== Exercise materials
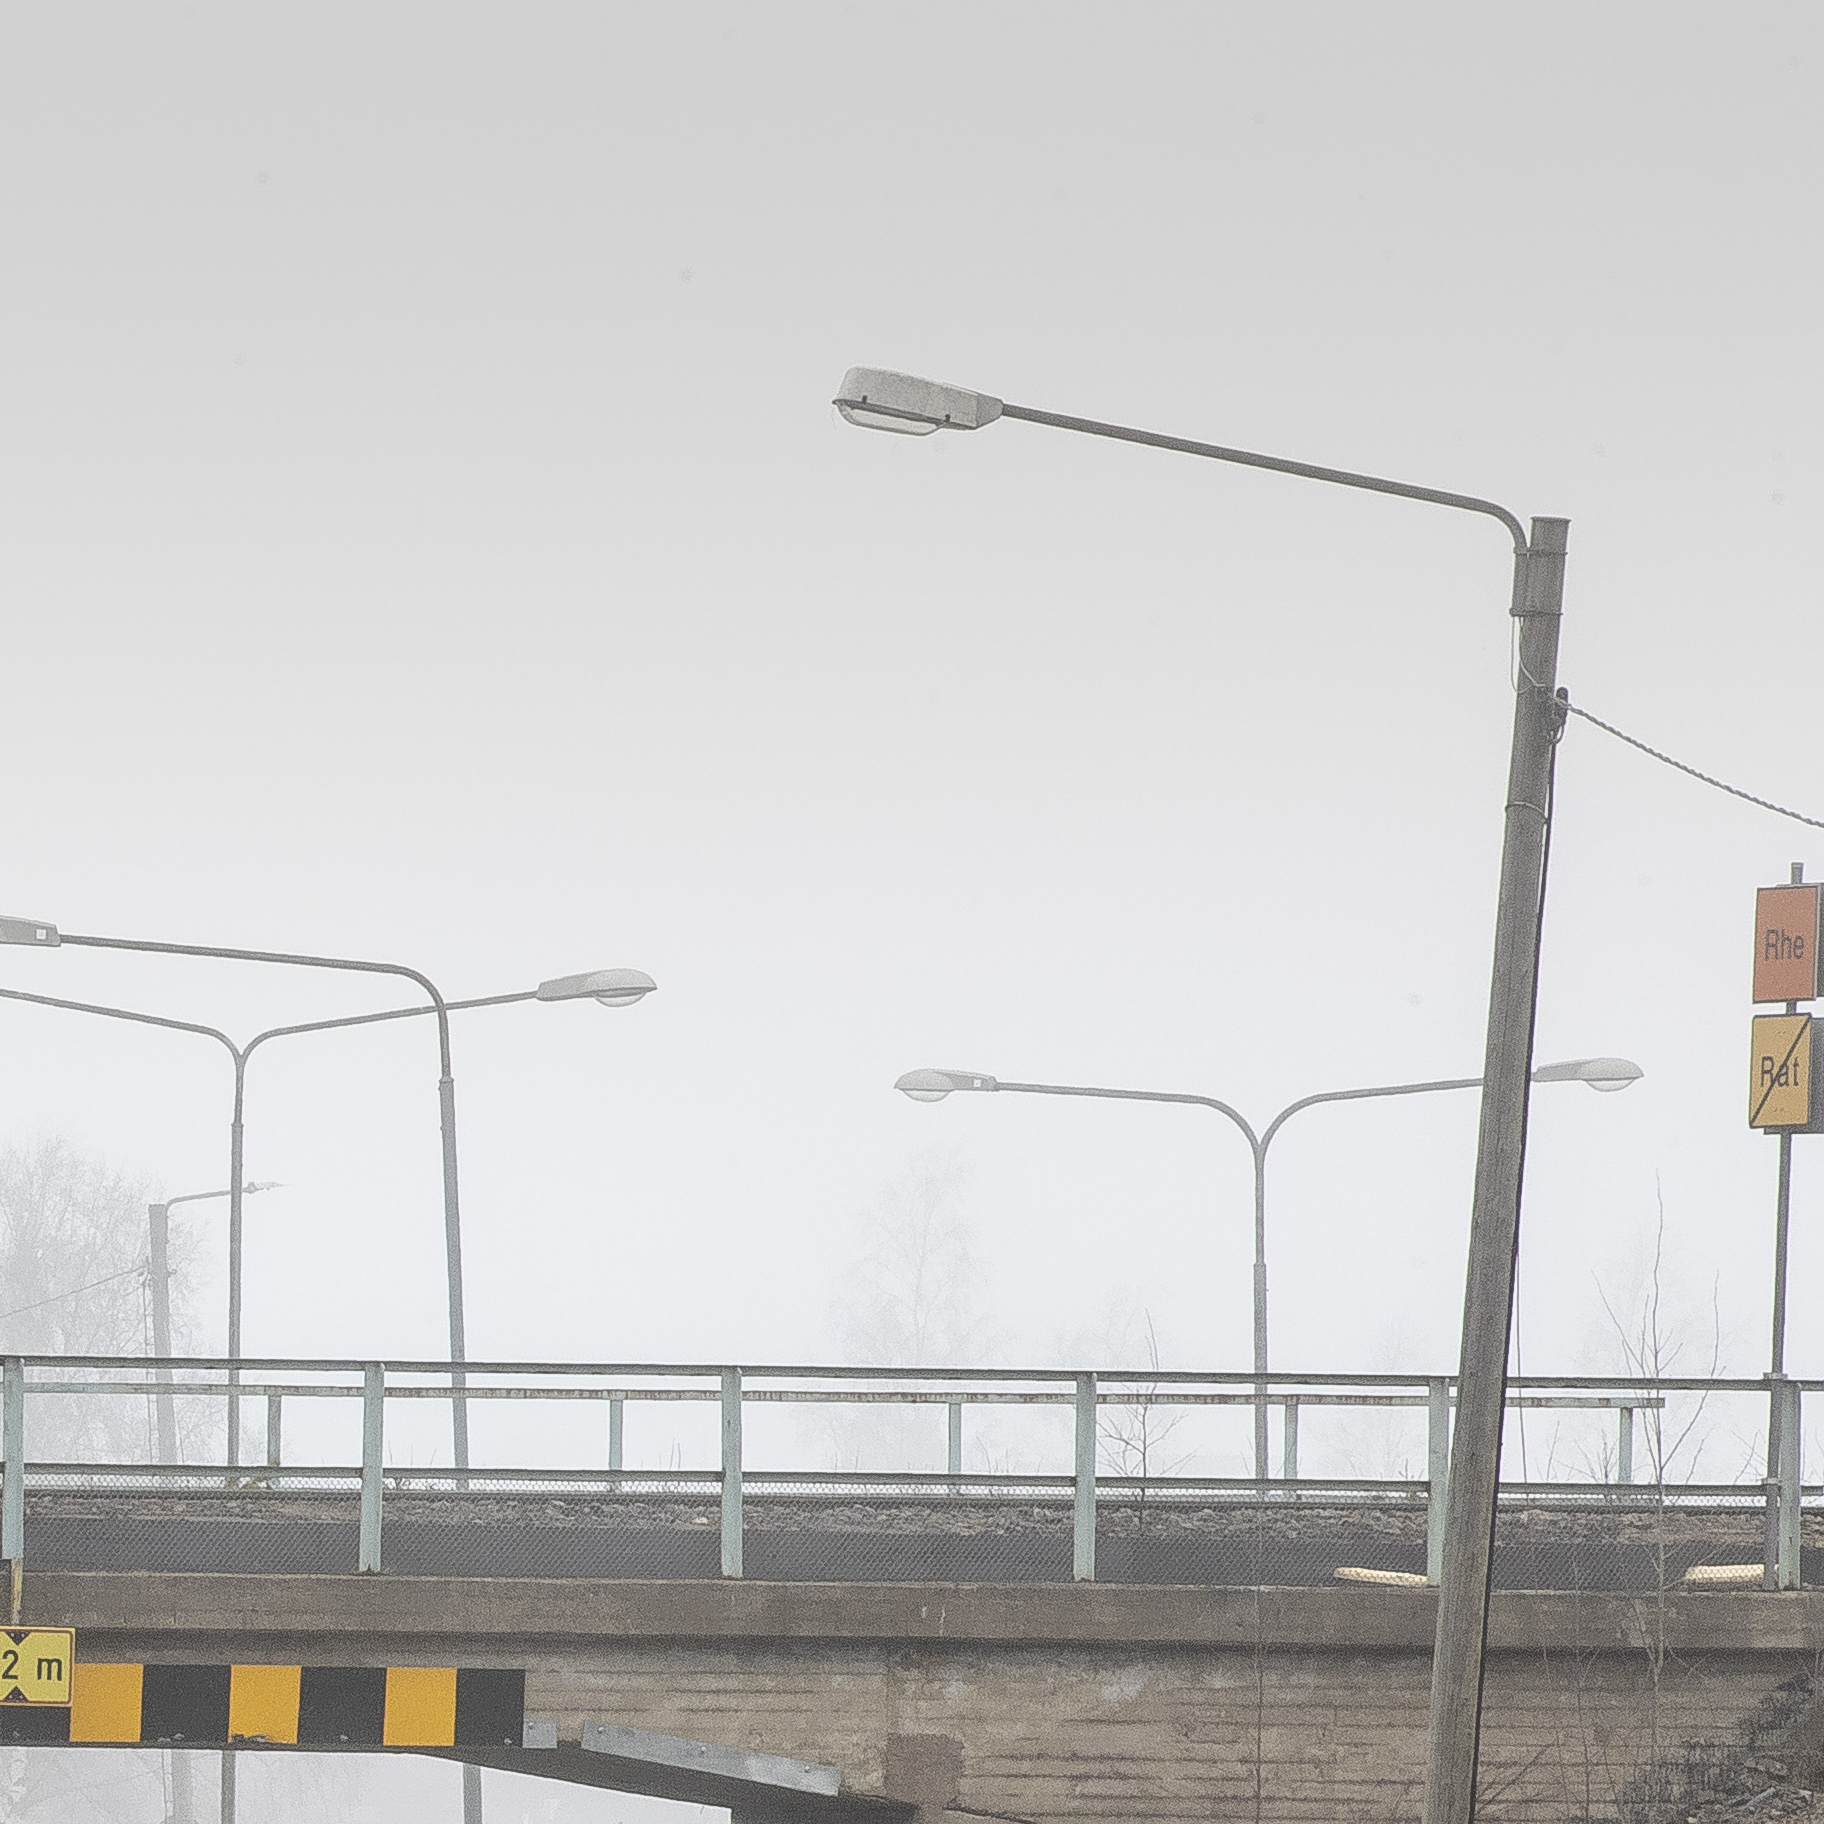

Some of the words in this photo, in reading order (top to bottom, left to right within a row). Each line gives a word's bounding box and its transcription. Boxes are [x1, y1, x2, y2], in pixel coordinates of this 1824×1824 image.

[1764, 928, 1805, 962] Rhe
[1759, 1056, 1801, 1089] Rat
[36, 1657, 63, 1681] m
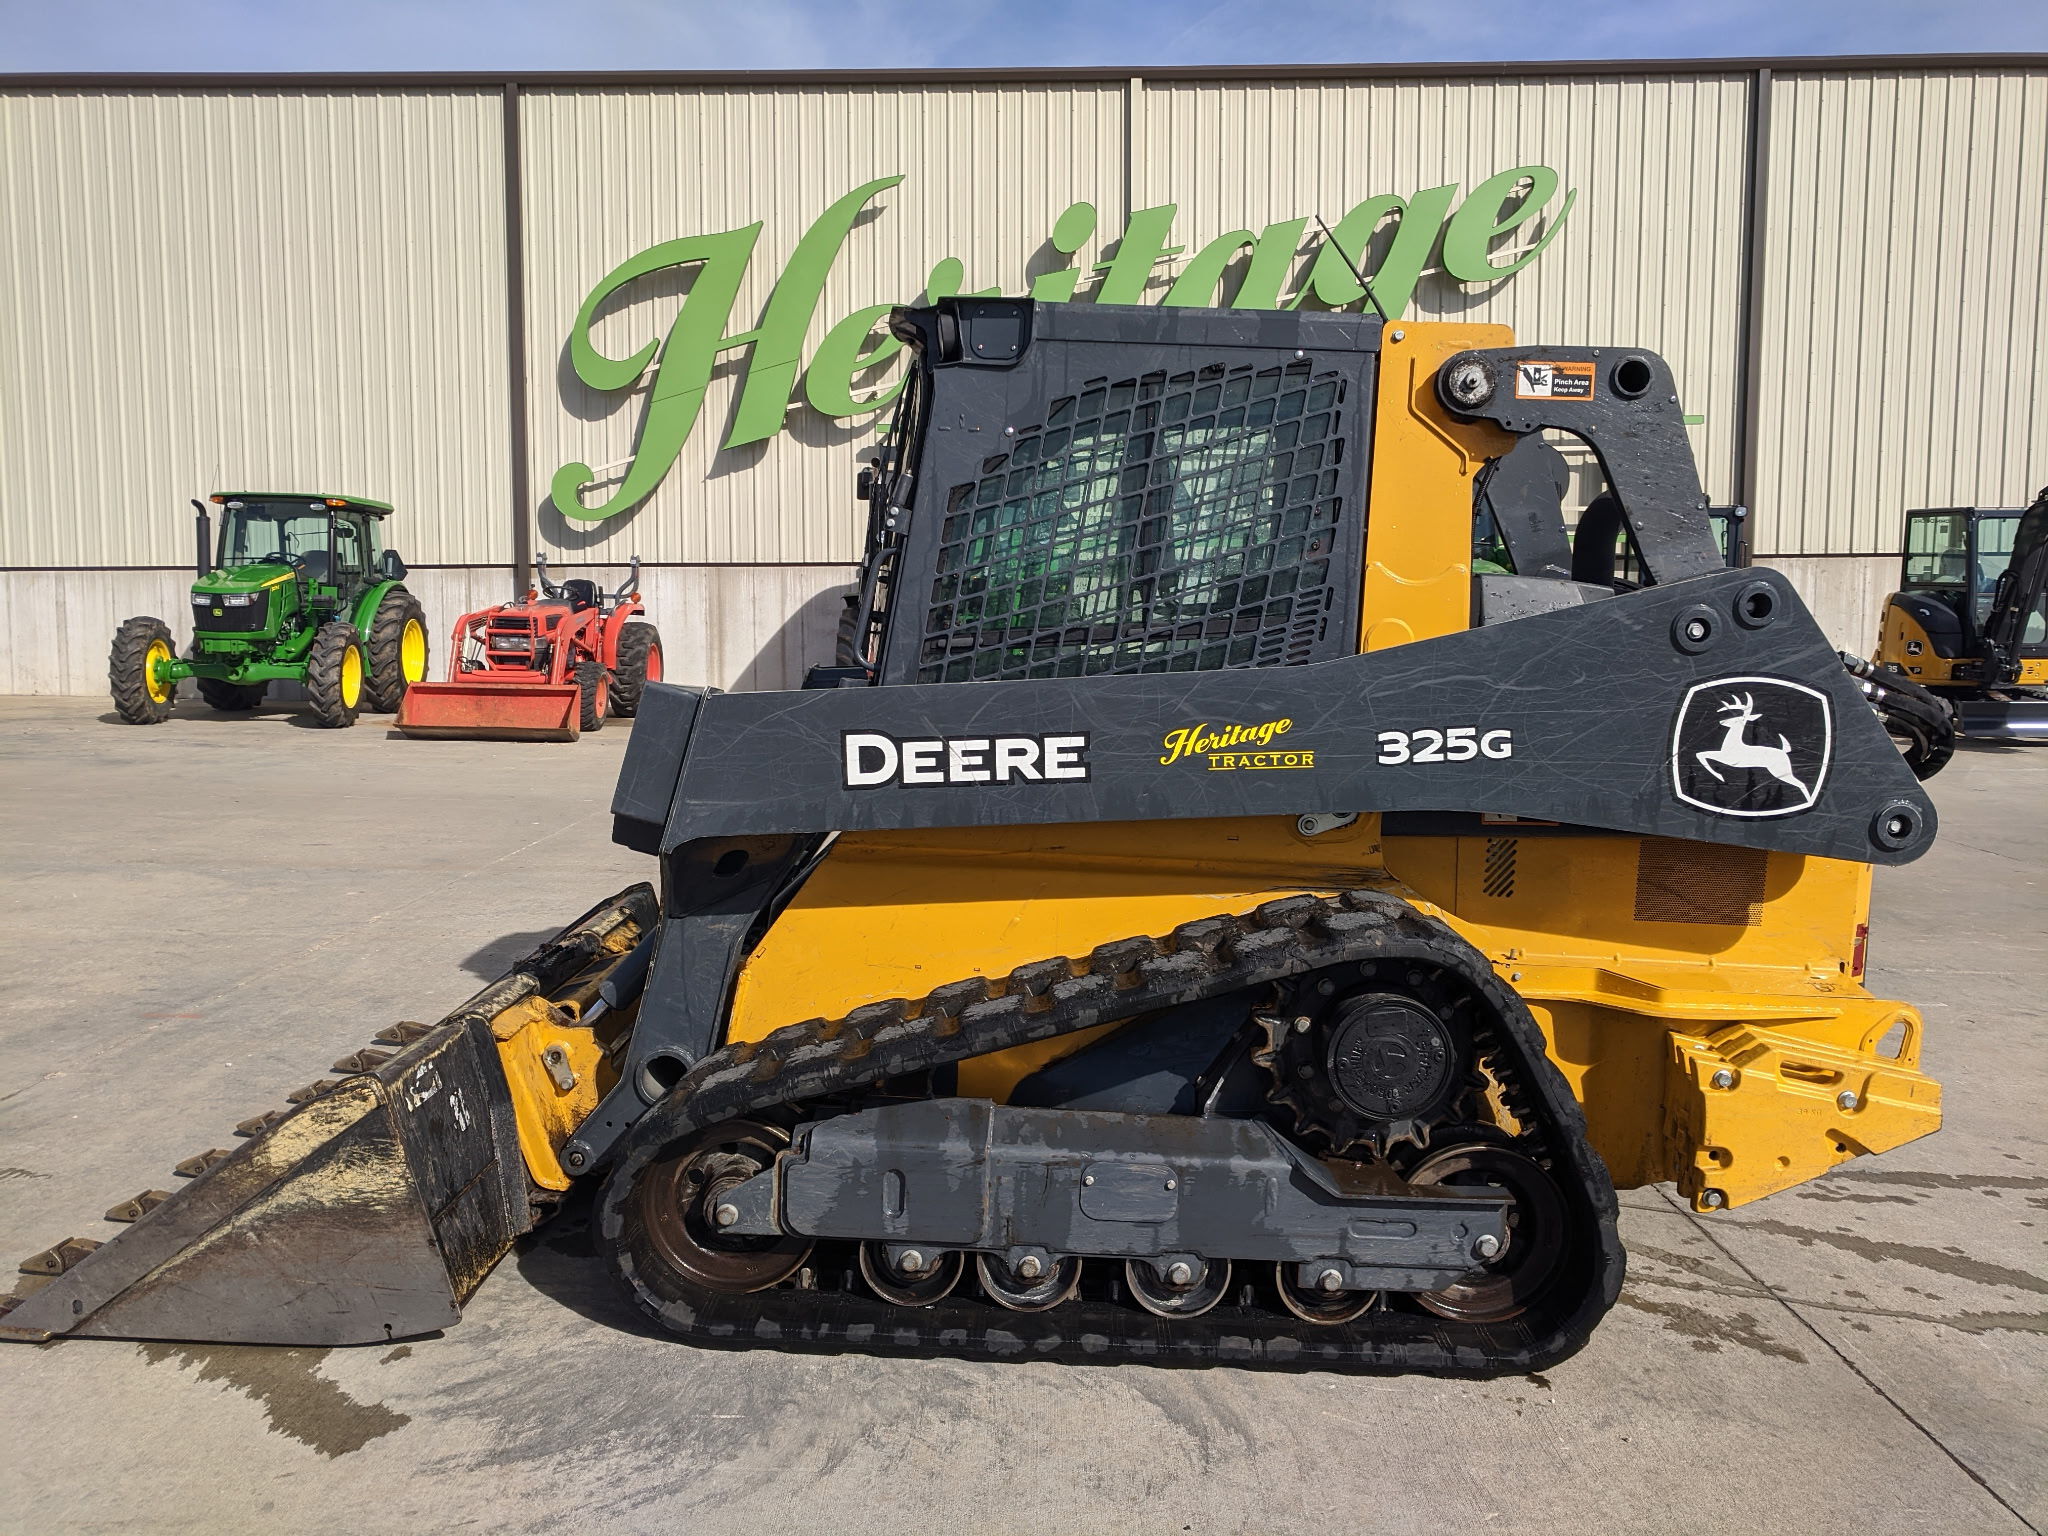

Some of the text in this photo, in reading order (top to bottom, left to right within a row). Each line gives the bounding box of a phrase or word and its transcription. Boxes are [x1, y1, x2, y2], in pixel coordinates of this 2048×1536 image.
====
* [What you have to do] Restate the material word for word; no picture should appear in the copy.

* [Result for this exercise]
Some of the words in this photo, in reading order (top to bottom, left to right within a row). Each line gives a word's bounding box and its transcription. Boxes are [x1, y1, x2, y2], in pixel coordinates of this 1824×1824 image.

[1764, 928, 1805, 962] Rhe
[1759, 1056, 1801, 1089] Rat
[36, 1657, 63, 1681] m

Some of the text in this photo, in reading order (top to bottom, left to right within a row). Each line gives the bounding box of a phrase or word and its transcription. Boxes are [x1, y1, x2, y2], in pixel coordinates of this 2048×1536 image.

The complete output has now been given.